Even if this didn't need the massive desert synergy it just isn't enough. Ramp for five mana isn't exciting, this is only good if it is getting good utility lands. A pair of 2/2s is fine, it is reasonable value at that point but it isn't presented in a good package, it has no real self synergy. There are better ways to ramp, better ways to find non-basics and better ways to develop a board. This is a long long way off a Primeval Titan.


Imminent Doom 3

Well this is a fun card. It is actually pretty decent value pretty quickly. Most red decks will easily be able to milk this for an Arc Trail. it will eventually be a Lightning Bolt as well and might even get in a Fireblast. Value isn't the problem for this, the issues are being a weak late game top deck and for generally being slow. You need six or more damage from this to be good and that means best case scenario you have to get to turn five for this to ever be good. This is too reliant on being cast on turn three, not to mention actually having the right curve in the right order. The extreme upper end on this does give it some mild potential in a deck with tutors so as to have it reliably early. Still very niche and perhaps too much effort for the return. Due to the support it needs it seems like it would be best in some slow Season's Past style control deck but you could conceivably play it in a number of places. Damage is just a potent versatile tool. This offers a solid amount of it over time for a very low mana cost. This feels like the red As Fortold. It is certainly more playable but sadly still not quite enough I think. Cards need to stand alone better than this to have much impact in cube.


Endless Sands 0

This is quite the upgrade to Safe Haven! Mostly due to tapping for mana but the ability to return the things at any time, even if it costs a lot more mana, is a nice bonus too. Far too expensive to use to great effect in cube and generally not close to powerful enough to get played in a rare colourless land slot. I am sure this will be fun in limited but we will need to see yet more substantial improvements to this before it is viable.


Razaketh's Ritual 2.5

Diabolic Tutor isn't playable in my cube, even the unpowered one. A mana more seems like quite a stretch. It feels like if you play this then you will cycle it most of the time. In that capacity I feel like Scarab Feast would be a better addition to the cube... It has to be very late game or at least a rare game state where you can use this as a tutor sensibly. Perhaps this is viable in a ritual storm build using Yawgmoth's Will.
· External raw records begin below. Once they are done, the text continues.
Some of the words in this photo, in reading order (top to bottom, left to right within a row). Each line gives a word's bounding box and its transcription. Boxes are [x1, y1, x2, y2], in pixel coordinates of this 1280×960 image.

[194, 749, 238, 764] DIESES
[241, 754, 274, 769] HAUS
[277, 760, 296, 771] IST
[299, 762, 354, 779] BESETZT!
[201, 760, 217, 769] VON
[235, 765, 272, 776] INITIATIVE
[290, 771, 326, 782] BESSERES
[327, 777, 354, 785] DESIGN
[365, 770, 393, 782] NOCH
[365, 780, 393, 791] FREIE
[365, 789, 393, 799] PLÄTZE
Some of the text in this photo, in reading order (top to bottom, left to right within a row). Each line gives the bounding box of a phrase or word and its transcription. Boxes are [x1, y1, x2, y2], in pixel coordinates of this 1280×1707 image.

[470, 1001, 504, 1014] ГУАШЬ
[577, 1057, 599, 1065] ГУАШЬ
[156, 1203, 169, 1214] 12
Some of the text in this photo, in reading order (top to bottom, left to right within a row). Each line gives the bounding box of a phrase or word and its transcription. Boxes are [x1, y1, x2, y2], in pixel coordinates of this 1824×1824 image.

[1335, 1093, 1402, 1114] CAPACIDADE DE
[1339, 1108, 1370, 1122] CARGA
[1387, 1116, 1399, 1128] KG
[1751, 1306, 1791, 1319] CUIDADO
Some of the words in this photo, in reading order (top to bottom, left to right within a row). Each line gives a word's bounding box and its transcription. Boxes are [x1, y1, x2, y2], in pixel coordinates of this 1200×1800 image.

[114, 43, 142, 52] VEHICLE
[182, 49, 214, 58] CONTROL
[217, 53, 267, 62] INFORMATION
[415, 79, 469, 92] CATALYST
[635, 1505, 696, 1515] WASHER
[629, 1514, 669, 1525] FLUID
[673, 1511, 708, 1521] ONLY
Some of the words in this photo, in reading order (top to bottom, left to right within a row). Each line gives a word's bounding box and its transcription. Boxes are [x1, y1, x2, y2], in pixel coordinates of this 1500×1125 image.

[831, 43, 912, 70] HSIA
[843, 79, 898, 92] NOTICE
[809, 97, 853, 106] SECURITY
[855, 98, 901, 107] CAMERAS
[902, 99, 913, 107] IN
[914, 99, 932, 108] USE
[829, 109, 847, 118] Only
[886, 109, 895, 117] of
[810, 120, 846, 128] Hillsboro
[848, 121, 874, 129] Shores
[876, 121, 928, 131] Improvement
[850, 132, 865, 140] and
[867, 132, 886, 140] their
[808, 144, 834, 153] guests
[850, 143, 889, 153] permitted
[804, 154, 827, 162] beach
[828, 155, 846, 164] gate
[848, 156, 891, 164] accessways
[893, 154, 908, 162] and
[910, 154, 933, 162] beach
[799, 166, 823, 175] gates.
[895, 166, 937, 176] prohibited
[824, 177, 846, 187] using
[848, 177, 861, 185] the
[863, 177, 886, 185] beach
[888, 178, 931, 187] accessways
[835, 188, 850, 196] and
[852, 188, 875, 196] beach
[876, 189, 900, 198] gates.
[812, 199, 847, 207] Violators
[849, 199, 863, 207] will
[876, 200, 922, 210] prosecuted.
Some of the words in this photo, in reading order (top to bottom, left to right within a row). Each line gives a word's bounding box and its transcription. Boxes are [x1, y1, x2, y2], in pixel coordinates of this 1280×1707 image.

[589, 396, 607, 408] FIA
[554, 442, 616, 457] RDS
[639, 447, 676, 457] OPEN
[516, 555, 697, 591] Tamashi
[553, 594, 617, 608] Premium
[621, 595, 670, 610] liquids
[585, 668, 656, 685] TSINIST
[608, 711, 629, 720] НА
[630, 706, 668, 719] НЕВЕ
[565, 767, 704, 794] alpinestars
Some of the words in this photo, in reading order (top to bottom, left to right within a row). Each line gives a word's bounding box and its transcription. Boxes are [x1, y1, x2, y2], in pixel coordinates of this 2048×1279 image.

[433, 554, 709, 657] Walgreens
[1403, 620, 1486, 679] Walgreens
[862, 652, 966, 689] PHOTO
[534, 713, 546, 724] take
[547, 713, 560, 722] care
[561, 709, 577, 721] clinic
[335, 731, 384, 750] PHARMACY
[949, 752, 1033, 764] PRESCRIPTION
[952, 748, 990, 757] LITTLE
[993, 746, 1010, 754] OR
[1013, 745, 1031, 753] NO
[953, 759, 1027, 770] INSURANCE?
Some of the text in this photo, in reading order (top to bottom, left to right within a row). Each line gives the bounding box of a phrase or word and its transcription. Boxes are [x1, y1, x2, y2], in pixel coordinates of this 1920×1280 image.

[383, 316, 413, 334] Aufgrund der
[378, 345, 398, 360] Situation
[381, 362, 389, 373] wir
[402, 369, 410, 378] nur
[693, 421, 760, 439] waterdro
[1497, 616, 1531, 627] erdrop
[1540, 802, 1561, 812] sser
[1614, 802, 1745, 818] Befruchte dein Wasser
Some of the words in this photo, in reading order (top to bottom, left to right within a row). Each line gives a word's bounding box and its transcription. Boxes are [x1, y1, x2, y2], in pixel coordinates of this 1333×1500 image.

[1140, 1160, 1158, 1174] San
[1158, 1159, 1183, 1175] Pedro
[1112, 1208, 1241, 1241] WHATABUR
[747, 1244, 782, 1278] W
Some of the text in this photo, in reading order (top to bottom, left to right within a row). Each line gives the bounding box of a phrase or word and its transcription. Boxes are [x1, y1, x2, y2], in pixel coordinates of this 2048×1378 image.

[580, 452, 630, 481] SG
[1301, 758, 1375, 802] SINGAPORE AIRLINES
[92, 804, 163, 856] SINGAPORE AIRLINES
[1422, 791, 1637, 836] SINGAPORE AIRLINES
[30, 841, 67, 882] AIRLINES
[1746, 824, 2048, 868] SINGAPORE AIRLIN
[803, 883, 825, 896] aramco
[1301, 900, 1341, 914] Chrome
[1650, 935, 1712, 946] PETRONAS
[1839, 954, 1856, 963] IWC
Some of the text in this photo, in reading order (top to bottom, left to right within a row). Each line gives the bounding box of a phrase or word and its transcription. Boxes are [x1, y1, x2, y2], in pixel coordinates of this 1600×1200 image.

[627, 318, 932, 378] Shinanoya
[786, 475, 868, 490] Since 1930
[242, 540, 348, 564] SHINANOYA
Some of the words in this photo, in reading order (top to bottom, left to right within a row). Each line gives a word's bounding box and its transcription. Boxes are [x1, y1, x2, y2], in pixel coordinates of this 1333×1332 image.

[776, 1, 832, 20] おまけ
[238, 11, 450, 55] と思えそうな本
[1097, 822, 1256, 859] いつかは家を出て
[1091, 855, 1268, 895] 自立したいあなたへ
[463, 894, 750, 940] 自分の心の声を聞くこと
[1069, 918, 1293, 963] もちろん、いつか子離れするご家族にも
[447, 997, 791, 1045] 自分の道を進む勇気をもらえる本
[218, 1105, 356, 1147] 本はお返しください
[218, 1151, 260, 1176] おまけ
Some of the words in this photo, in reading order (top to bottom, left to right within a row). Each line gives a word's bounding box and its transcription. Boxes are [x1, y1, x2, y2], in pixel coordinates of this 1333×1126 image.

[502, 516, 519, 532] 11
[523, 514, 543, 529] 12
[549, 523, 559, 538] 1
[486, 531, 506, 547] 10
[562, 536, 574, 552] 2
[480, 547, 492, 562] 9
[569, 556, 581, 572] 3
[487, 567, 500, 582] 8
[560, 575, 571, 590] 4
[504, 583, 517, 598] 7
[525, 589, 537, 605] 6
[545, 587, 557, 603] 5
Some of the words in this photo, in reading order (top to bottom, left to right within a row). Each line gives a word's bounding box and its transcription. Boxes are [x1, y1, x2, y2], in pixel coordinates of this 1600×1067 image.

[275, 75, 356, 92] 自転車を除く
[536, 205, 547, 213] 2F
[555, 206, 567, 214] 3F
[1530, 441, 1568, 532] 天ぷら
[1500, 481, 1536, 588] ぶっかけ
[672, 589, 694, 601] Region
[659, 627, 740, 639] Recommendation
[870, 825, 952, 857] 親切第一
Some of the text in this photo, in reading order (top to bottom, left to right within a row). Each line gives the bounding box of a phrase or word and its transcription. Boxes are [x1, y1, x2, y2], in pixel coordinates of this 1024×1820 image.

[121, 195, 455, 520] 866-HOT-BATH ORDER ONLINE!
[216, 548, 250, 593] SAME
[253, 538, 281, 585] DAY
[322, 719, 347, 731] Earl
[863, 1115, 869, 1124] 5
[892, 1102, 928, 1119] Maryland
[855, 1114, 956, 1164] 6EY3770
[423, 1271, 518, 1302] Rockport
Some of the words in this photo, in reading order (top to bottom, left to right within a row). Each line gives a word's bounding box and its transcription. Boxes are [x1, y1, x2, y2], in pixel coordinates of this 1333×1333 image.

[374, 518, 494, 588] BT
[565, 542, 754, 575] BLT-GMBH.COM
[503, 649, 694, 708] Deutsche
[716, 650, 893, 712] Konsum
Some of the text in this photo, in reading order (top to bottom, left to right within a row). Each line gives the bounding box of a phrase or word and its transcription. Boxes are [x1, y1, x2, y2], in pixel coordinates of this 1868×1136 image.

Perhaps this is playable in a very grindy Seasons Past style control deck. Perhaps you just run this in a cycling themed deck with black in it just because it is a cheap cycler! This is actually quite a lot like the pain deserts I reviewed in this section. Playing this doesn't hurt you very much at all but the potential gains you get from it are so low on average that even if it is viable in a couple of drafting cube archetypes (which I rather doubt) it isn't worth a slot in the drafting cube.


Consign / Oblivion 3

Front end this is actually better than Cyclonic Rift which is the best performing bounce spell in cube. It is as good as an Into the Roil which was the card that proceeded the Rift. Consign is absolutely playable as it is and needs little more to push it into the realms of good. Sadly I am not sure Oblivion is that thing. Mind Rot for two more mana is a very bad deal. It will be late enough against a lot of decks to be irrelevant and is so very costly that it will likely put you behind even when you hit good off it. The real issue is that this is black making this a gold card. If the aftermath on this card was of comparable power or utility to Oblivion but a blue card (and obviously cost) then I would be all over this. Bounce anything early, disrupt and stay in the game and then have value and/or further disruption sitting there in the bin waiting until you need it. All very appealing. Very playable but not overly powerful. Like so many cards from this set, I can see decks where it would be a fine card and do what you want but the average case will be this just not getting picked or played. This is a card with homes but a card too lacking in power and playability to get near the cube. One thing I do like about this is the ability to fire this off with a Torrential Gearhulk. Cute, but hardly the most busted thing to do with the Gearhulk.